Groupe de travail 2 : Attractivité des emplois et des carrières scientifiques

Constats

Le diagnostic auquel a abouti le groupe est alarmant :

  • Les rémunérations de tous les personnels de la recherche sont très sensiblement inférieures à celles des pays membres de l’Organisation de coopération et de développement économiques (OCDE), mais également à celles des autres corps de la fonction publique française.
  • L’emploi scientifique permanent a connu une érosion depuis plus de dix ans, en partie masquée par le recours à des contrats précaires. Les conditions d’entrée dans la carrière scientifique sont défavorables au regard du contexte international.
  • La culture et la mise en œuvre des politiques de gestion des ressources humaines sont marquées par une grande disparité selon les organismes de recherche et d’enseignement supérieur, avec des faiblesses par rapport aux grands acteurs de la recherche mondiale.

Propositions

  • Augmenter substantiellement (2Md€/an) les primes de tous les personnels (hypothèse explicative) ;
  • augmenter la précarité des personnels en :
    • développant les primes à la performance et à « l’engagement » ;
    • supprimant la clause d’accord pour la modulation des services d’enseignement ;
    • figeant les emplois statutaires et développant de nombreux statuts précaires (tenure tracks, contrats de projet, etc.) ;
    • augmentant le poids de l’évaluation sur les chercheurs.
    • transformant les carrières, missions et temps de travail des enseignants-chercheurs (modulation de service, etc.) ;
  • renommer les Maîtres de conférences « Professeurs-assistants » et/ou fusionner les corps.
  • valoriser le doctorat en adaptant sa durée et en augmentant rémunérations et financement dédié ;
  • encourager la mobilité public-privé des titulaires.

Groupe de travail 3 : recherche partenariale et innovation

Constats

  • En 2018, la France compte seulement 3 entreprises parmi les 100 premières entreprises du classement Forbes Global 20005 contre 10 en 2006 (28 pour les pays européens en 2018, contre 49 en 2006) ; 16 entreprises sont sorties du classement depuis 2006, 9 seulement y sont entrées.
  • La France (comme les autres pays européens) n’a pas créé depuis 30 ans de nouveaux leaders mondiaux à l’exception de quelques entreprises (Dassault Systèmes, Gemalto, Ingénico).
  • La France est absente du top 5 des start-ups deep tech par secteur.
  • La France représente 0,4 % seulement de la valorisation des licornes en 2018. Sur 350 licornes dans le monde, 75 % sont d’origine américaine ou chinoise.
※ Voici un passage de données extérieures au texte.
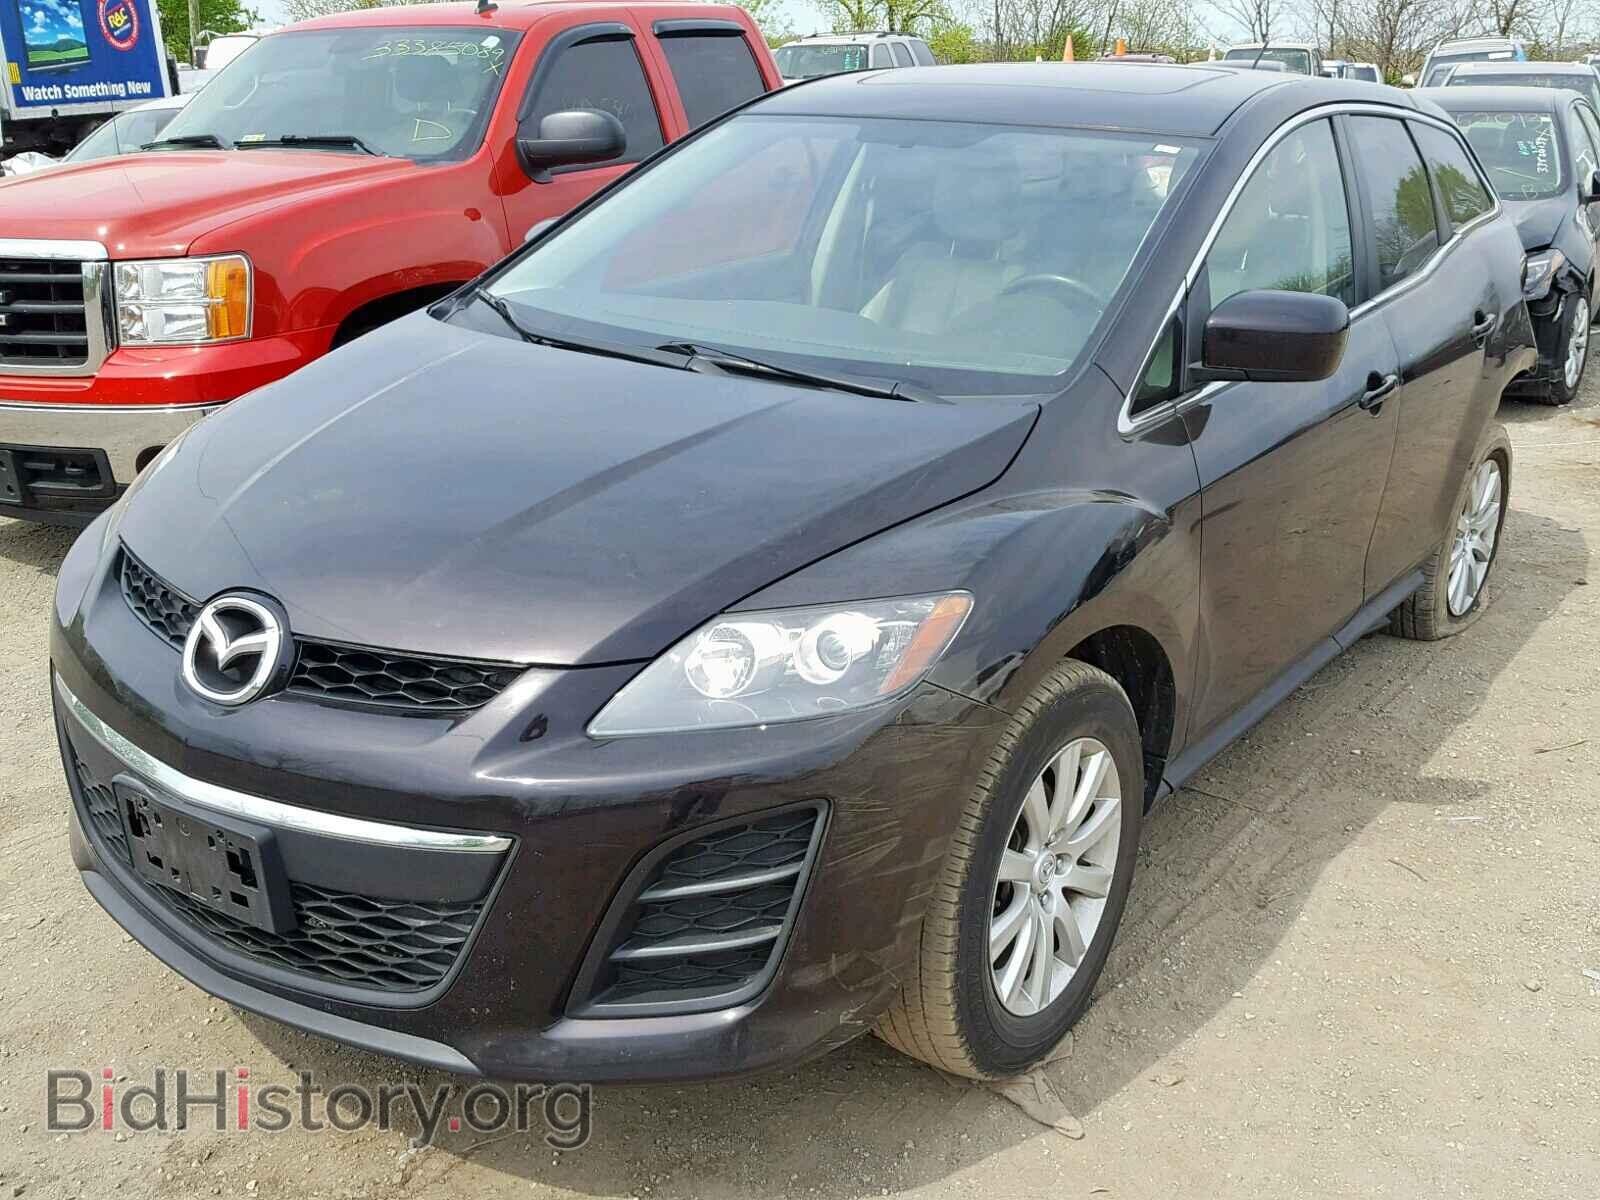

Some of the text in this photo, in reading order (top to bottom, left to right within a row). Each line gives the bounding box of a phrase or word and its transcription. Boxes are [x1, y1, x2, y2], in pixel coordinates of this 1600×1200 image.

[21, 80, 151, 101] Watch Something New
[411, 118, 452, 142] D
La France ne compte à l’heure actuelle que 6 licornes, BlaBlaCar, Deezer, OVH, Doctolib, Ynsect, Ivalua et Kyriba (dont le siège social a cependant été déplacé aux EtatsUnis).
  • Les nouveaux leaders industriels sont américains (Airbnb, Amazon, Facebook, Google, SpaceX, Tesla, Uber), chinois (Huawei, Baidu, Alibaba, Tencent, etc.), ont été créés pour la plupart ex nihilo, et ont tous apporté des ruptures de marché et d’usage et, pour la plupart, à partir de découvertes scientifiques et technologiques issues de la recherche publique (récentes ou non).
  • La Chine fait une entrée rapide et spectaculaire dans le classement Forbes Global 2000 (7 entreprises dans le top 30 en 2018 contre 0 en 2006).

Propositions

Le manque de cohérence global de ce rapport empêche de faire une synthèse exhaustive. On peut cependant noter les grandes lignes suivantes :

  • accroître la politique de pilotage stratégique national / financement régional ;
  • créer un nombre conséquent de commissions stratégiques ou de coordination ;
  • transformer le doctorat en diplôme d’insertion professionnelle ;
  • modifier substantiellement les statuts titulaires et encourager la mobilité public-privé ;
  • augmenter la précarité des personnels en créant des statuts précaires et des primes à la performance et à « l’engagement » ;
  • poursuivre la concentration des moyens en créant de nombreux financements spécifiques très ciblés.

Analyse

Les constats dressés dans ces rapports sont dramatiques, réels et doivent être pris très au sérieux. Ce ne sont pas des mots en l’air que de dire que l’avenir scientifique de la nation est aujourd’hui compromis. Malheureusement on peut identifier deux limites à ces rapports, qui les empêchent de formuler des solutions pertinentes.

La première limite est la séparation des rapports en trois sous-thématiques : moyens, emplois, innovation. Cette séparation empêche, de fait, de repenser le système dans sa globalité. Elle empêche également de trouver des solutions communes, originales, en prenant le problème dans sa globalité.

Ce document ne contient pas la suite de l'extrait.